EMERGENCY ECONOMIC STABILISATION ACT (1982)

President Shehu Shagari, in the second republic, declared economic recession, unfolding measure  to address the situation.

The measures, approved by parliament, were  tagged, “Economic Stabilization (Temporary Provisional) Act 1982”.

HIGHLIGHTS

-Foreign exchange control to reduce Basic Travel Allowance (BTA) from N800 to N500 per person of the age of 16 and above per annum, with no allowance for children under 16.

-Hajj forex subsidy: The government pegged the number of pilgrims permitted to perform the hajj in 1982 to a maximum of 50,000, with a BTA of N800 per person, against N500 for other citizens.

-Reduction of business travel allowance from N3,000 to N2,500 per annum for companies registered in Nigeria.
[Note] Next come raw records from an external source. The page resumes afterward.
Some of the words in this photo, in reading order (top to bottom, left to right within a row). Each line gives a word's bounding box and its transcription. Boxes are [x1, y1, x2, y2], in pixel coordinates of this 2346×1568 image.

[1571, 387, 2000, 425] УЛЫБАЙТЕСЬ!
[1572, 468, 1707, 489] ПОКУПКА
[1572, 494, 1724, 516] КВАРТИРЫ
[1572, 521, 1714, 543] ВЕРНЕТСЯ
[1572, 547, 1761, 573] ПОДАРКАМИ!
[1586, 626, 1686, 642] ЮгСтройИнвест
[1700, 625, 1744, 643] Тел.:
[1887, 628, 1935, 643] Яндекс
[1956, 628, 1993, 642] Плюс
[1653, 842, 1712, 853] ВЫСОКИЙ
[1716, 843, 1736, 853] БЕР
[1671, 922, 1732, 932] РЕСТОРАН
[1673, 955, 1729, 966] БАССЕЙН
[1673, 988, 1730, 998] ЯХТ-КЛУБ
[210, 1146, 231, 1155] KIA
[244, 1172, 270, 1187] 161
-Reduction of Form ‘M’ lifespan to six months, as against one year in the past, and all registrations were done at the CBN headquarters.
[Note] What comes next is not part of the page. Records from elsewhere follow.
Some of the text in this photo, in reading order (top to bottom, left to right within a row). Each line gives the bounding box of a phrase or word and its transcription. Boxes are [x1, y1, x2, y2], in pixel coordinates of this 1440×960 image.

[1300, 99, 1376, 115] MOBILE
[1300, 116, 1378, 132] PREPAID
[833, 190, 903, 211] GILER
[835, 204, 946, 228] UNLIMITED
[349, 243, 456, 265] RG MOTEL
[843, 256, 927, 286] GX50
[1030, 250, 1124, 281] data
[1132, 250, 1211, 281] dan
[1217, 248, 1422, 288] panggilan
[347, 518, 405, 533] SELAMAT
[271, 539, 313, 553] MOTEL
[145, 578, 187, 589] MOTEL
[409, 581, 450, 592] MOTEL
-Reintroduction of pre-shipment inspection for spare parts, raw materials and books and the introduction of pre-shipment inspection for frozen and canned fish.

-All  interest rates revised upwards across the board by two percent from their existing levels, but later reduced by one percent.

-Frozen chicken and gaming machines  totally banned from importation and 29 other commodities  removed from open general licence and placed under specific import licence requirement.

-Tariff changes on 49 import items, with most of the changes being increases in the rate of duties while others were introduction of new import.

-New rates of excise duties raised to 45 percent on a number of commodities, including cigarettes, towels, fabrics, cosmetics, perfumes, paper napkins, electric, fans, locks, bicycles and motor cycles.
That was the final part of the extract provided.